Ramón Rodríguez Chacín, exministro del Interior y exgobernador del estado Guárico, también es identificado como miembro central de la conspiración. El documento lo vincula con la protección de grupos armados ilegales y con el uso de su cargo para facilitar operaciones de narcotráfico y violencia asociada.

Hechos concretos descritos en la acusación

El escrito judicial dedica una sección extensa a detallar actos específicos que, según la Fiscalía, respaldan la existencia de la conspiración. Entre ellos se mencionan la venta de pasaportes diplomáticos, el pago de sobornos, el envío de toneladas de cocaína por vía aérea y marítima, el uso de hangares presidenciales para operaciones ilegales, asesinatos para proteger las rutas de tráfico, la protección directa a campamentos de las FARC y el ELN, y la participación de familiares del mandatario en actividades vinculadas al narcotráfico.

También se hace referencia al uso de armas de guerra y a la provisión de seguridad armada para garantizar el tránsito de los cargamentos, así como a la coordinación con funcionarios corruptos en otros países de la región.
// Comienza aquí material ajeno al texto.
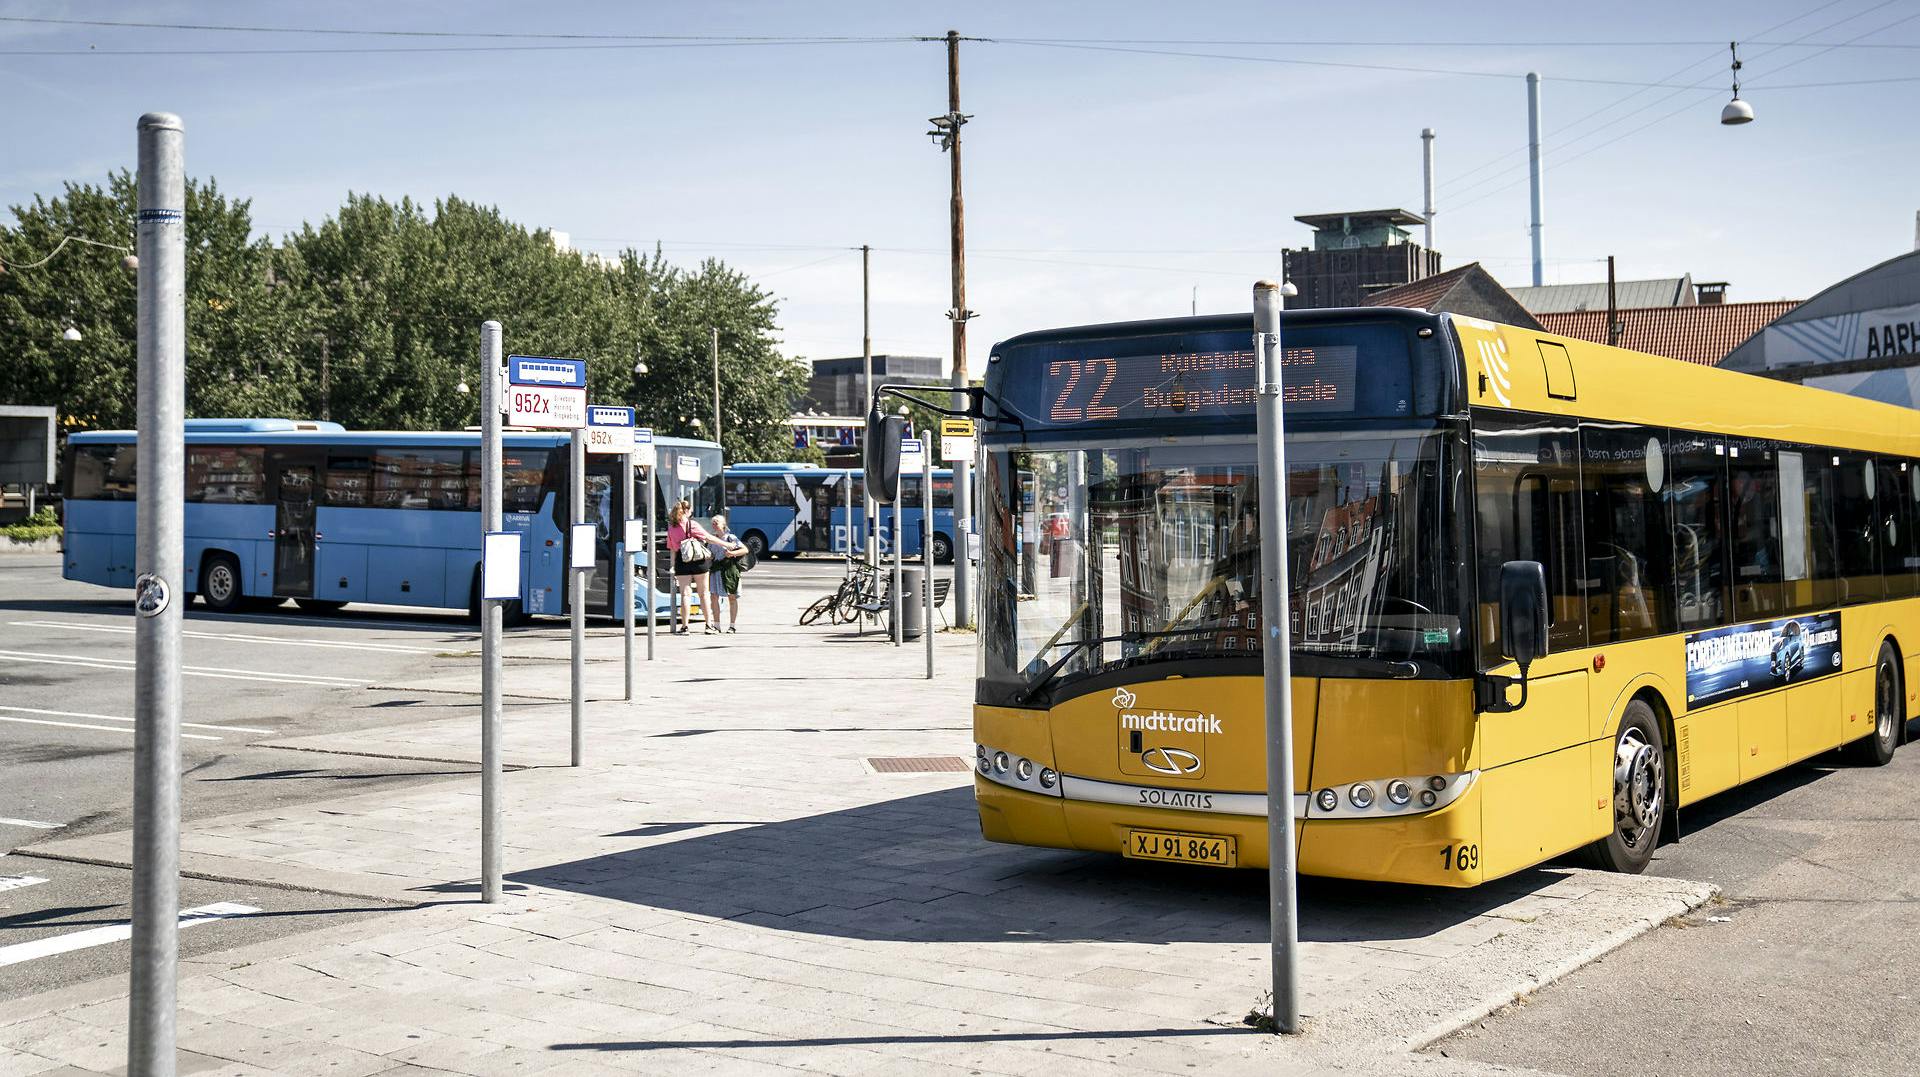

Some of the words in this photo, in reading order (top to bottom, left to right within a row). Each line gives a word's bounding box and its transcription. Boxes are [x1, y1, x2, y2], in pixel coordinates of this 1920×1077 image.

[1161, 350, 1255, 372] Rutebils
[1049, 358, 1119, 421] 22
[1284, 380, 1337, 402] asle
[515, 393, 550, 414] 952x
[591, 431, 613, 445] 952x
[1122, 711, 1222, 734] midttrafik
[1139, 789, 1213, 809] SOLARIS
[1137, 835, 1160, 854] XJ
[1164, 836, 1183, 857] 91
[1188, 839, 1221, 862] 864
[1440, 843, 1479, 872] 169
Los cargos formales ante la justicia estadounidense

Con base en estos hechos, el gran jurado formula cuatro cargos principales. El primero es conspiración de narco-terrorismo, en violación del Título 21 del Código de los Estados Unidos, sección 960a. El segundo cargo es conspiración para importar cocaína a los Estados Unidos. El tercero se refiere a la posesión de ametralladoras y artefactos destructivos en relación con delitos de narcotráfico. El cuarto cargo es conspiración para poseer y usar ametralladoras y dispositivos destructivos.

Estos cargos implican penas extremadamente severas bajo la legislación estadounidense y colocan a los acusados en la categoría de amenazas directas a la seguridad nacional, según la interpretación de los fiscales.
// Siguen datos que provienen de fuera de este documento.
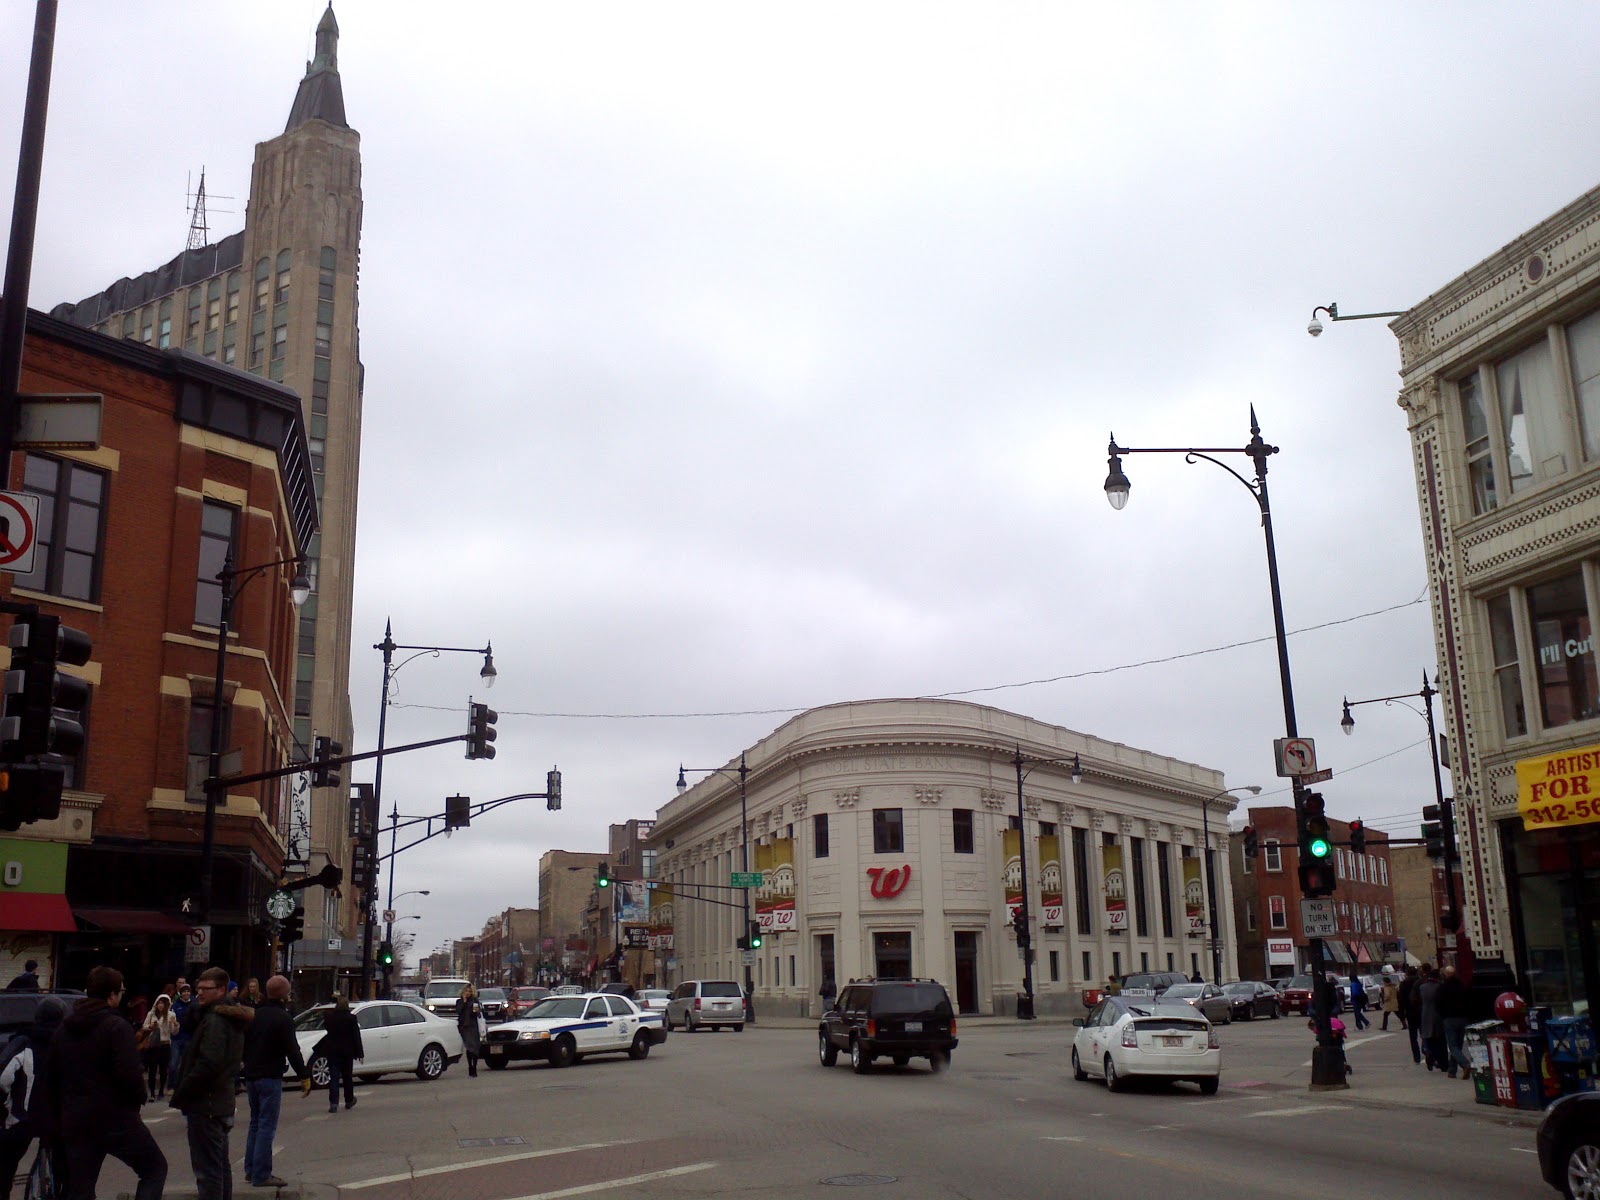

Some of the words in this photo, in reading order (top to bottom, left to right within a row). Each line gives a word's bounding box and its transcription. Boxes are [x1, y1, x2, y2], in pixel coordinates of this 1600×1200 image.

[1540, 644, 1560, 665] I'll
[1530, 775, 1592, 803] FOR
[1310, 903, 1323, 911] NO
[1308, 914, 1328, 922] TURN
[1305, 925, 1316, 933] ON
[1496, 1086, 1513, 1100] EYE
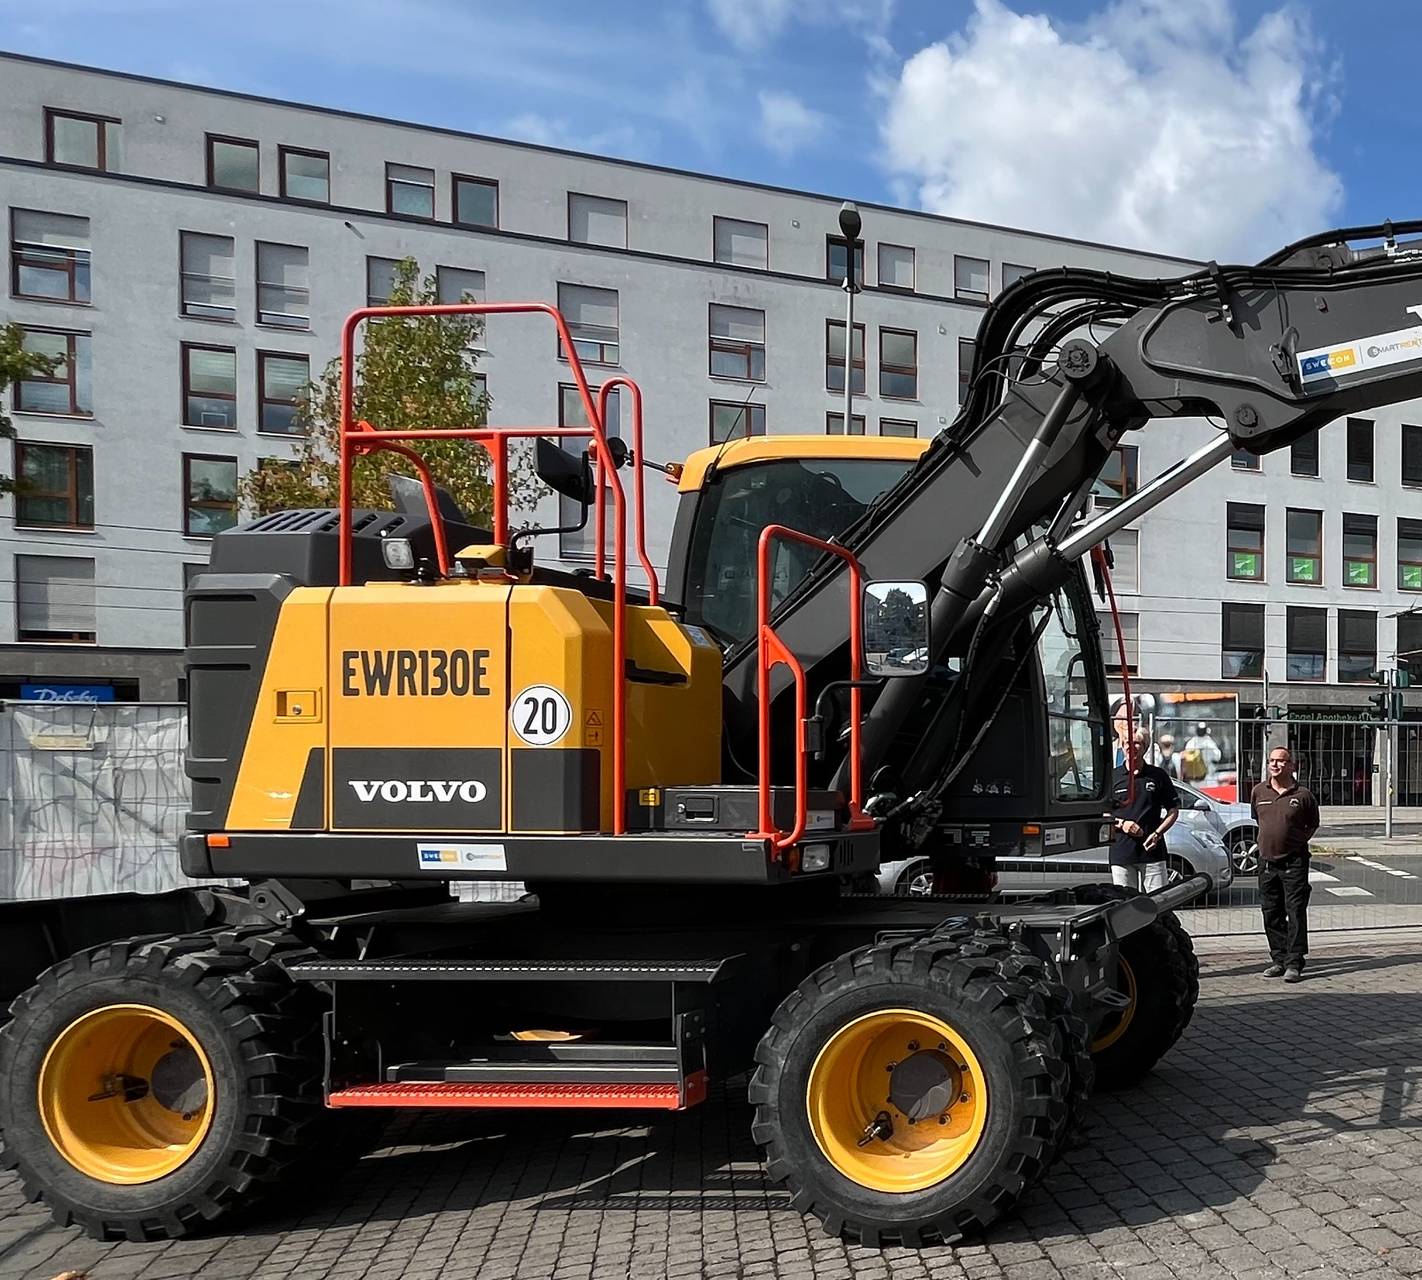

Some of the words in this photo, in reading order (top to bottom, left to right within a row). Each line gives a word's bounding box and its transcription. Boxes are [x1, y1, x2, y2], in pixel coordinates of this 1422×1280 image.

[1305, 354, 1351, 371] SWECON
[342, 649, 491, 697] EWR130E
[523, 697, 557, 735] 20
[348, 780, 487, 803] VOLVO
Decomiso y consecuencias patrimoniales

Además de las acusaciones penales, la Fiscalía solicita el decomiso de todos los bienes y ganancias derivados del narcotráfico, así como de las armas utilizadas en la comisión de los delitos. El escrito contempla también la posibilidad de decomisar bienes sustitutos en caso de que los activos originales no puedan ser localizados.

Este componente del proceso apunta a desmantelar la estructura financiera que, según el Departamento de Justicia, permitió al régimen venezolano sostener durante años un esquema criminal de alcance continental.

Un proceso judicial de alcance histórico

El documento presentado ante el Tribunal del Distrito Sur de Nueva York configura un caso sin precedentes por la magnitud de los hechos descritos y por el nivel jerárquico de los acusados. Para la justicia estadounidense, no se trata únicamente de un caso de narcotráfico, sino de la acusación formal de que un aparato estatal fue instrumentalizado como una organización criminal transnacional.

A partir de este escrito, el proceso judicial contra Nicolás Maduro, Cilia Flores y el resto de los señalados entra en una fase decisiva que tendrá repercusiones políticas, diplomáticas y judiciales de gran alcance. Estados Unidos sostiene, en blanco y negro, que el régimen venezolano no fue un actor pasivo frente al narcotráfico, sino un protagonista activo en su expansión.